• Problem to solve: I'd like the entries reproduced exactly, with all pictures omitted.

━━━━━━

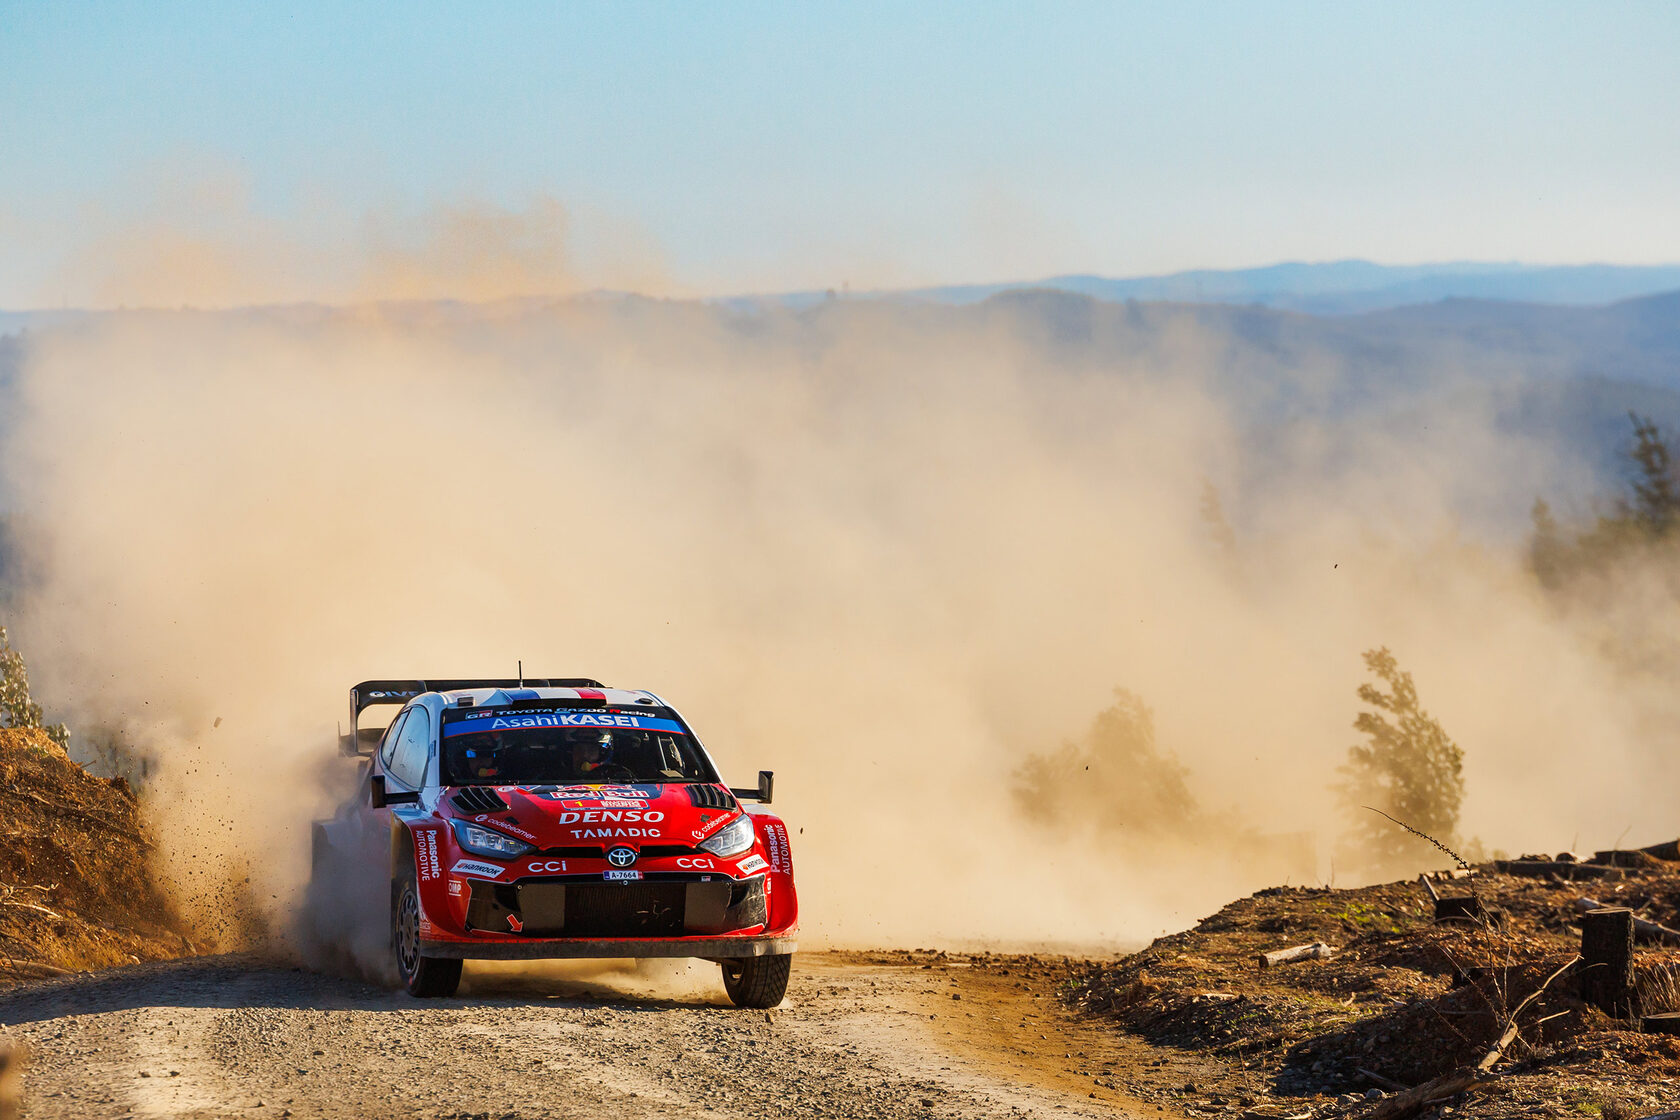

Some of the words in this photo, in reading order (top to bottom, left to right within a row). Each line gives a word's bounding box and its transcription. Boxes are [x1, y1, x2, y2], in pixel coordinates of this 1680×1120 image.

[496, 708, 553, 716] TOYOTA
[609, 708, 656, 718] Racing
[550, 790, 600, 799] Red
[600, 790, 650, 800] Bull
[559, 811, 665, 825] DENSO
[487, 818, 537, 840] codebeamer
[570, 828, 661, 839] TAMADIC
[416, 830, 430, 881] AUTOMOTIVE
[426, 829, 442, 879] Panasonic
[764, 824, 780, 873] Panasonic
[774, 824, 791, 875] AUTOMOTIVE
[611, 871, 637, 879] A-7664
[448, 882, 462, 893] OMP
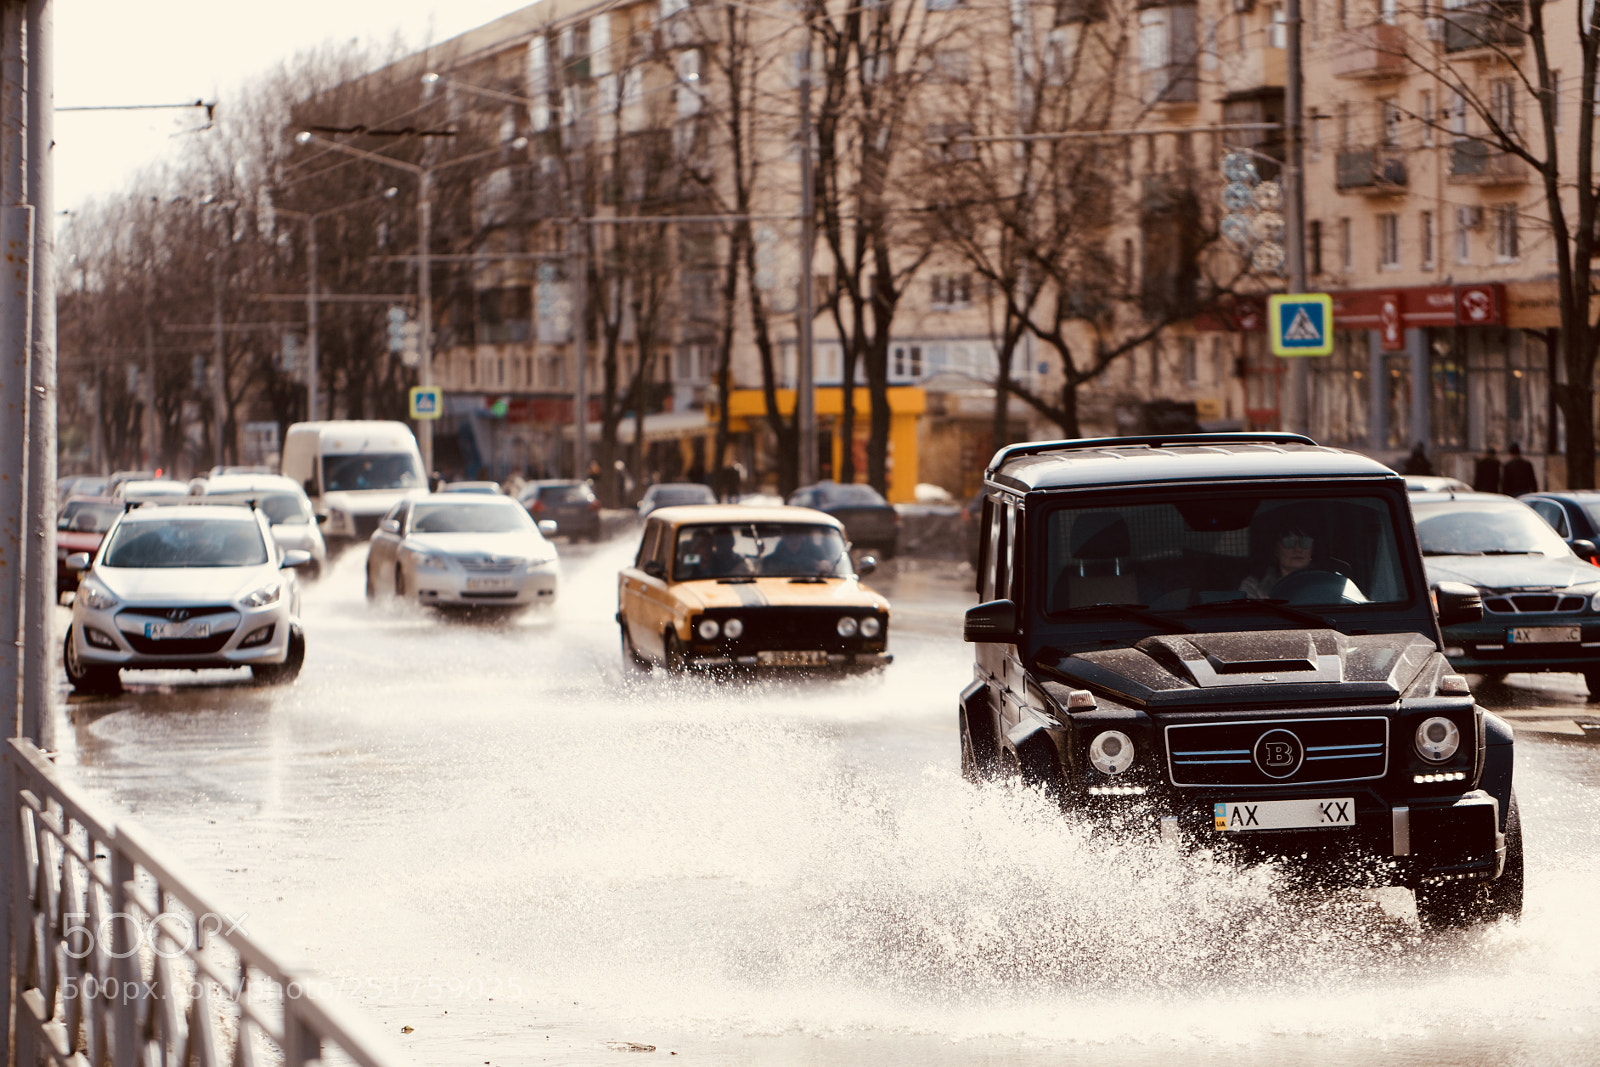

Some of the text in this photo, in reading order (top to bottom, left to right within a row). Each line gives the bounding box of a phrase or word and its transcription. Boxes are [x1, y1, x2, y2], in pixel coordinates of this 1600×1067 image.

━━━━━━

• Response to the exercise:
Some of the words in this photo, in reading order (top to bottom, left to right within a row). Each line gives a word's bounding box and its transcription. Boxes are [x1, y1, x2, y2], in pixel coordinates of this 1680×1120 image.

[496, 708, 553, 716] TOYOTA
[609, 708, 656, 718] Racing
[550, 790, 600, 799] Red
[600, 790, 650, 800] Bull
[559, 811, 665, 825] DENSO
[487, 818, 537, 840] codebeamer
[570, 828, 661, 839] TAMADIC
[416, 830, 430, 881] AUTOMOTIVE
[426, 829, 442, 879] Panasonic
[764, 824, 780, 873] Panasonic
[774, 824, 791, 875] AUTOMOTIVE
[611, 871, 637, 879] A-7664
[448, 882, 462, 893] OMP

Some of the text in this photo, in reading order (top to bottom, left to right within a row). Each line gives the bounding box of a phrase or word and its transcription. Boxes are [x1, y1, x2, y2], in pixel coordinates of this 1600×1067 image.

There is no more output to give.